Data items
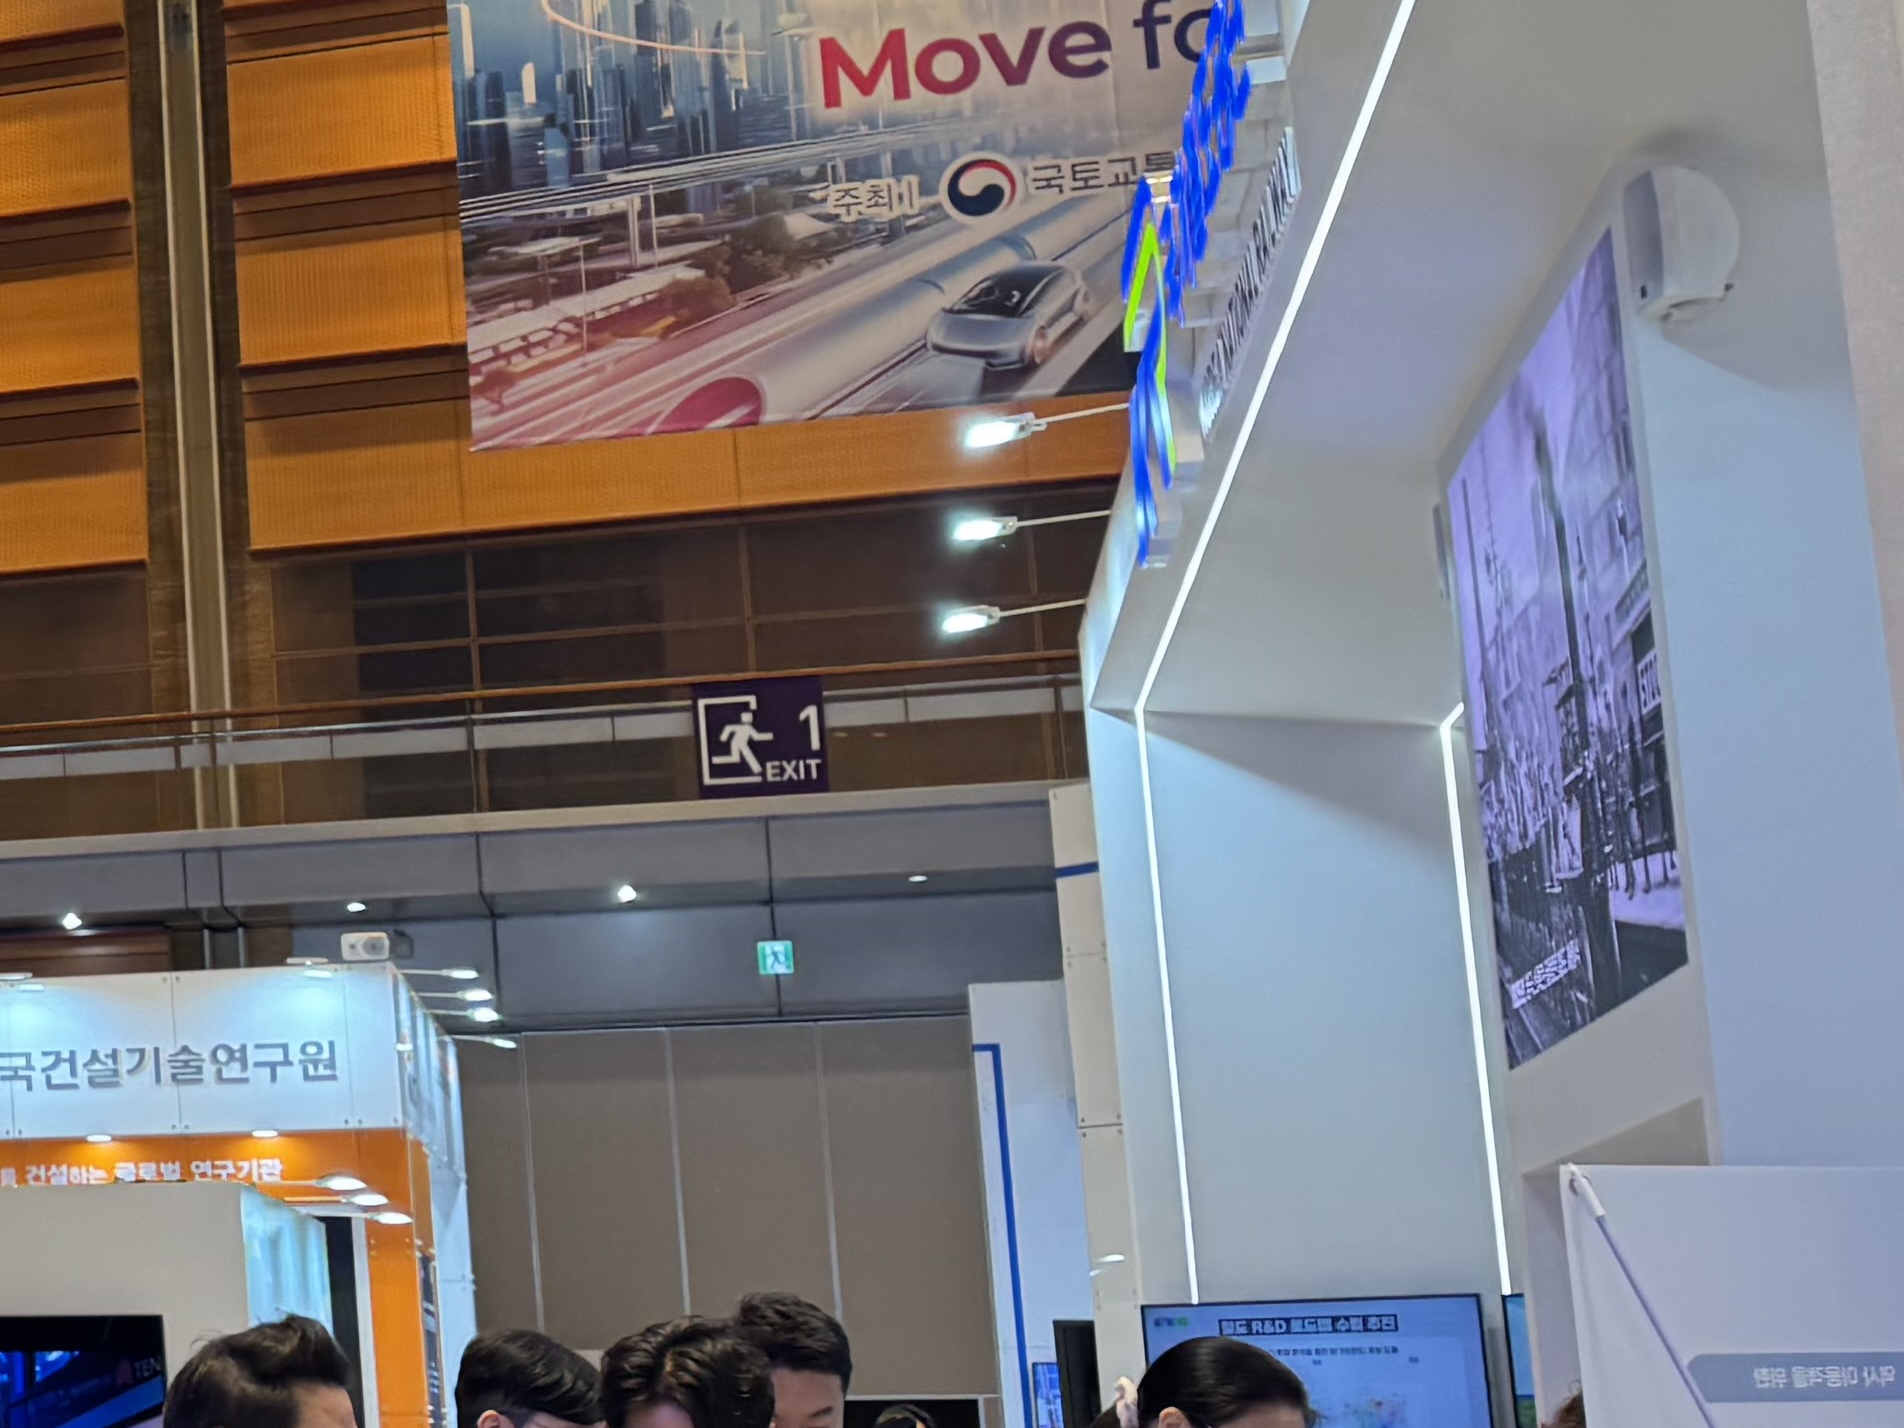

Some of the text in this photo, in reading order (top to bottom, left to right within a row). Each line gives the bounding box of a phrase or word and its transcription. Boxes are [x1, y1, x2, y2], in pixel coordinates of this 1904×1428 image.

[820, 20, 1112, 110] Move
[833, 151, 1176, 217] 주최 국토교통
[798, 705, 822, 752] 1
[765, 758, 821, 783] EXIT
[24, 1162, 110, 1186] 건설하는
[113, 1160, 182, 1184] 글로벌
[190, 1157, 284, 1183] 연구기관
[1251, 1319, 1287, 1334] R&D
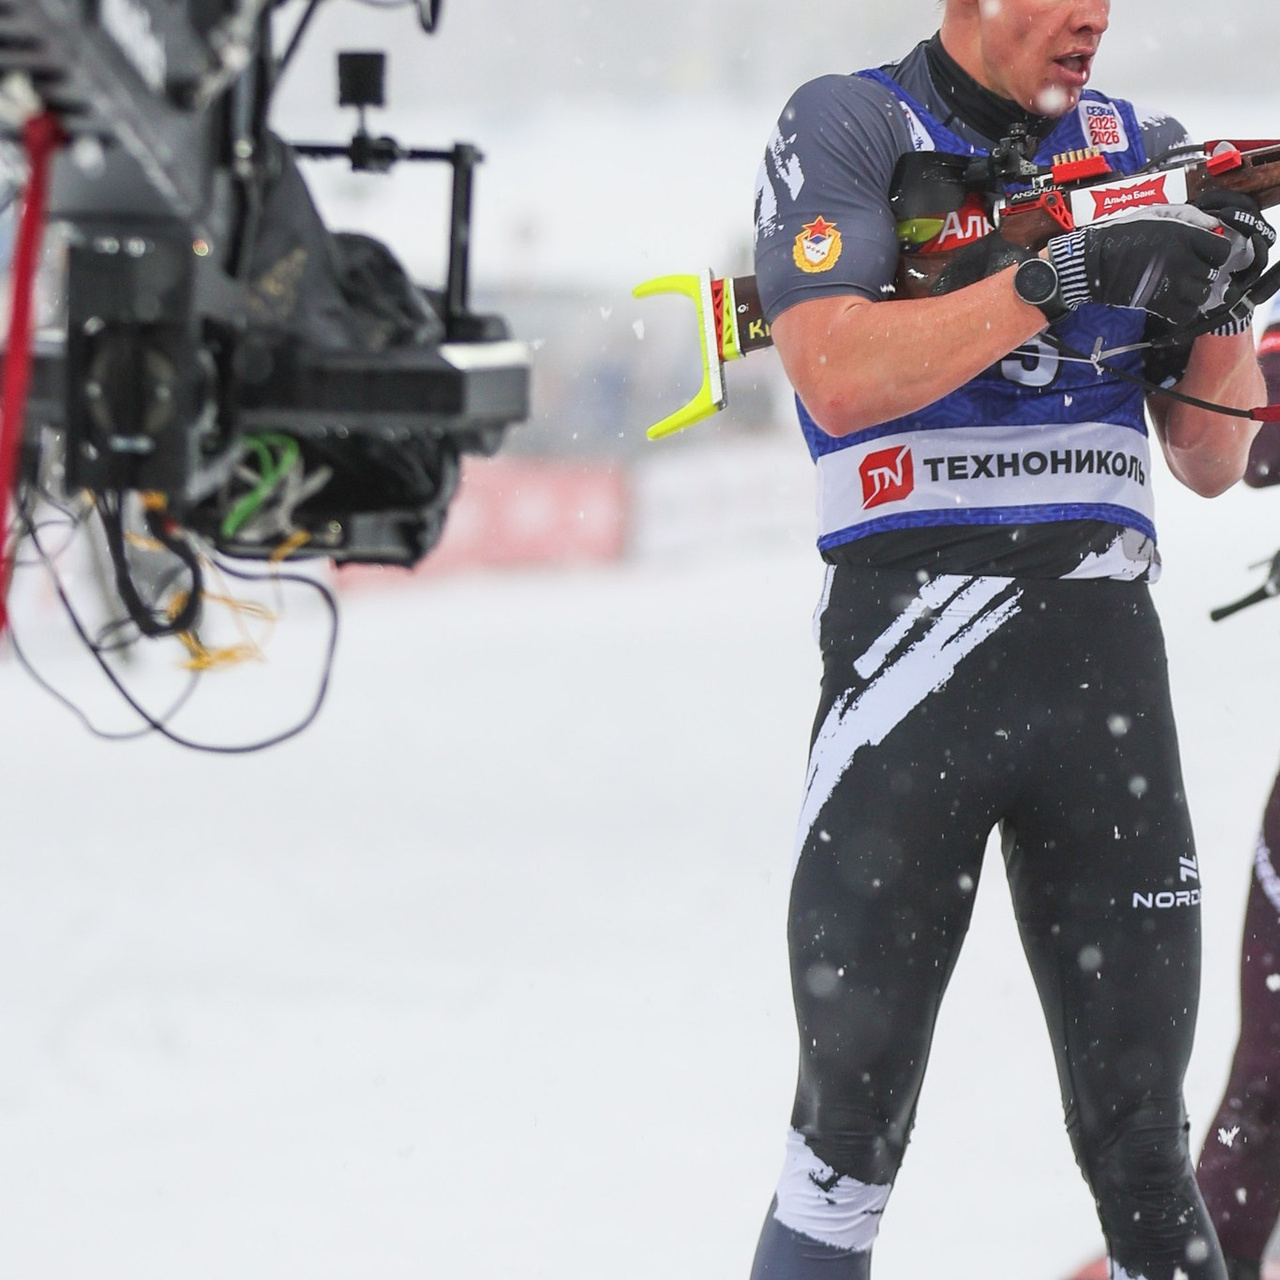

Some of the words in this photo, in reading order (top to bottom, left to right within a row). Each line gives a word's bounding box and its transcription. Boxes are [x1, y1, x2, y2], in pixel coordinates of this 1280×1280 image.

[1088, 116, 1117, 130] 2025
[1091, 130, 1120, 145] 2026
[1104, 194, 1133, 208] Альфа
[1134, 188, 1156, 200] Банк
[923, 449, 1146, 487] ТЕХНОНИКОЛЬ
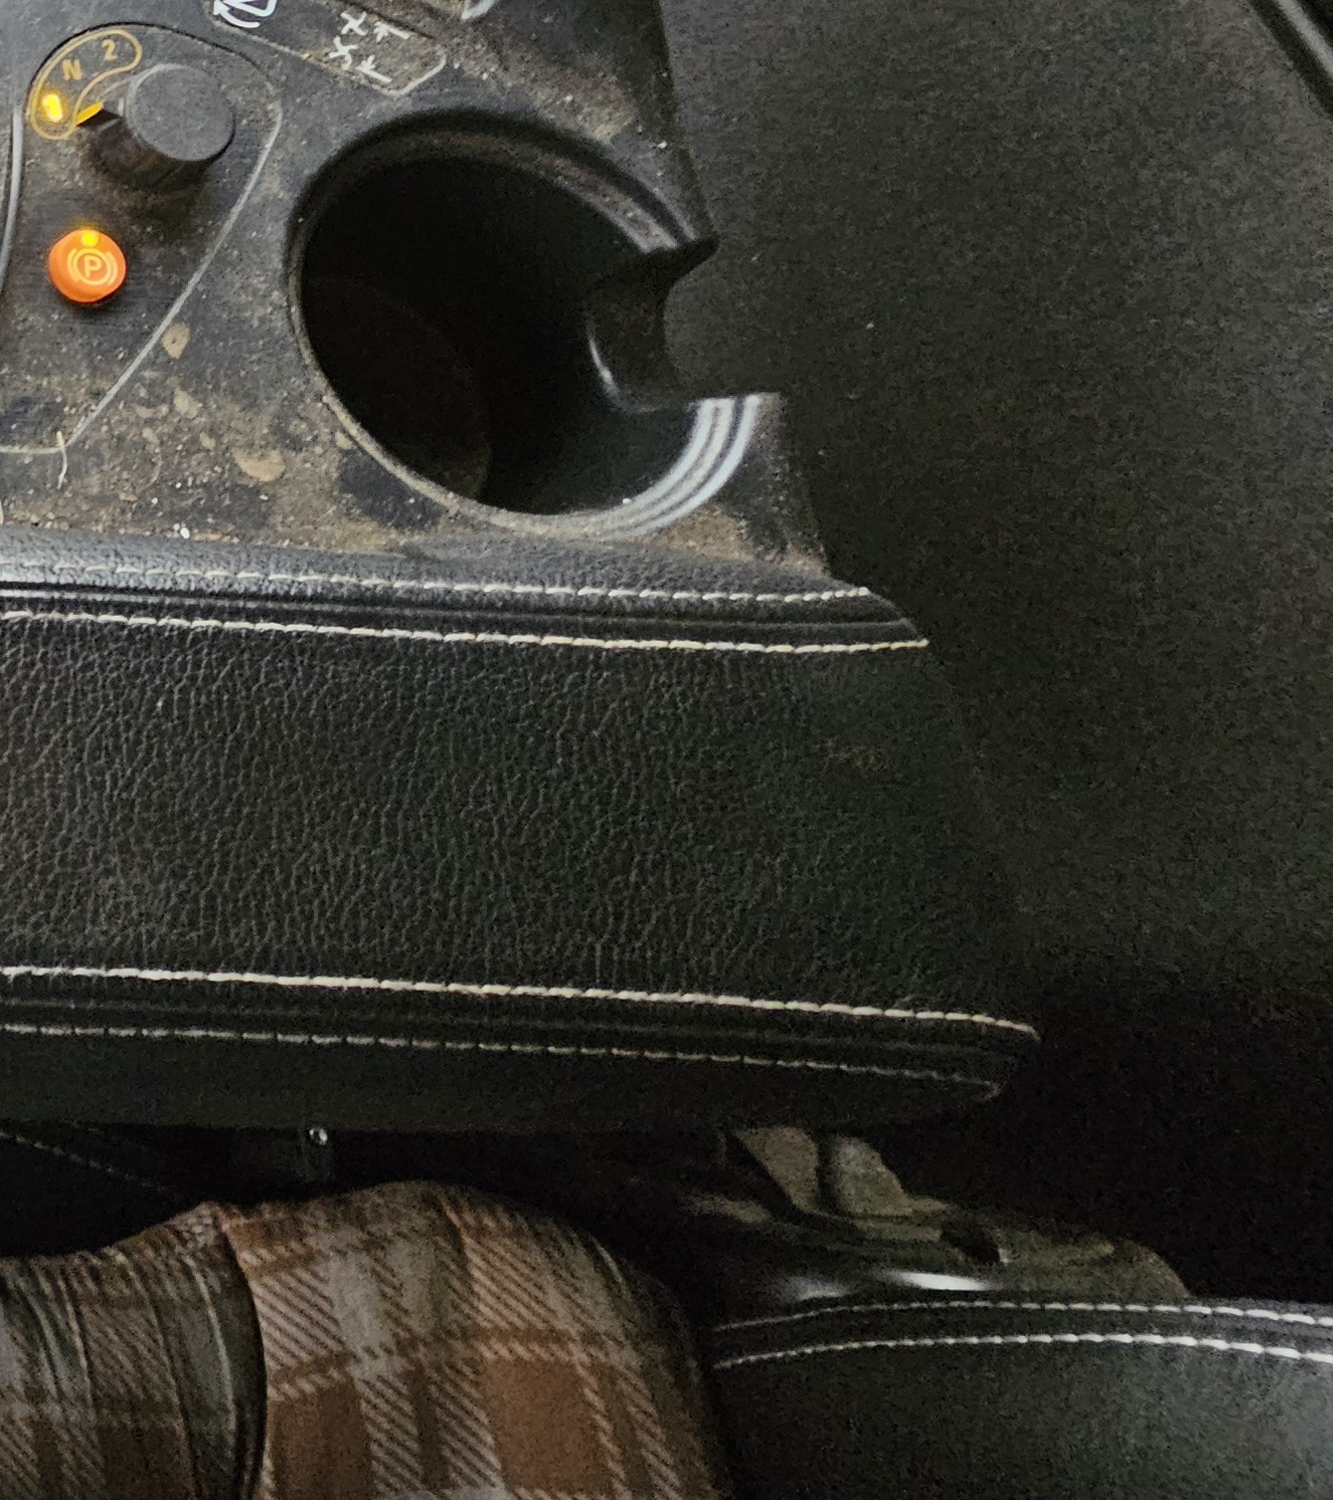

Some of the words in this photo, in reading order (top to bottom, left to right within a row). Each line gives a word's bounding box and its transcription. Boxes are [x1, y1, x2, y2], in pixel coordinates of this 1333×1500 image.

• _Exercise instructions_:
Could you transcribe the records above exactly, leaving every picture out?

• _Response_:
Some of the text in this photo, in reading order (top to bottom, left to right within a row). Each line gives the bounding box of a phrase or word and its transcription. Boxes are [x1, y1, x2, y2], in pixel coordinates of this 1904×1428 image.

[820, 20, 1112, 110] Move
[833, 151, 1176, 217] 주최 국토교통
[798, 705, 822, 752] 1
[765, 758, 821, 783] EXIT
[24, 1162, 110, 1186] 건설하는
[113, 1160, 182, 1184] 글로벌
[190, 1157, 284, 1183] 연구기관
[1251, 1319, 1287, 1334] R&D

Some of the words in this photo, in reading order (top to bottom, left to right within a row). Each line gives a word's bounding box and its transcription. Boxes are [x1, y1, x2, y2], in pixel coordinates of this 1280×1280 image.

[1088, 116, 1117, 130] 2025
[1091, 130, 1120, 145] 2026
[1104, 194, 1133, 208] Альфа
[1134, 188, 1156, 200] Банк
[923, 449, 1146, 487] ТЕХНОНИКОЛЬ

Some of the words in this photo, in reading order (top to bottom, left to right within a row). Each line gives a word's bounding box and its transcription. Boxes are [x1, y1, x2, y2], in pixel coordinates of this 1333×1500 image.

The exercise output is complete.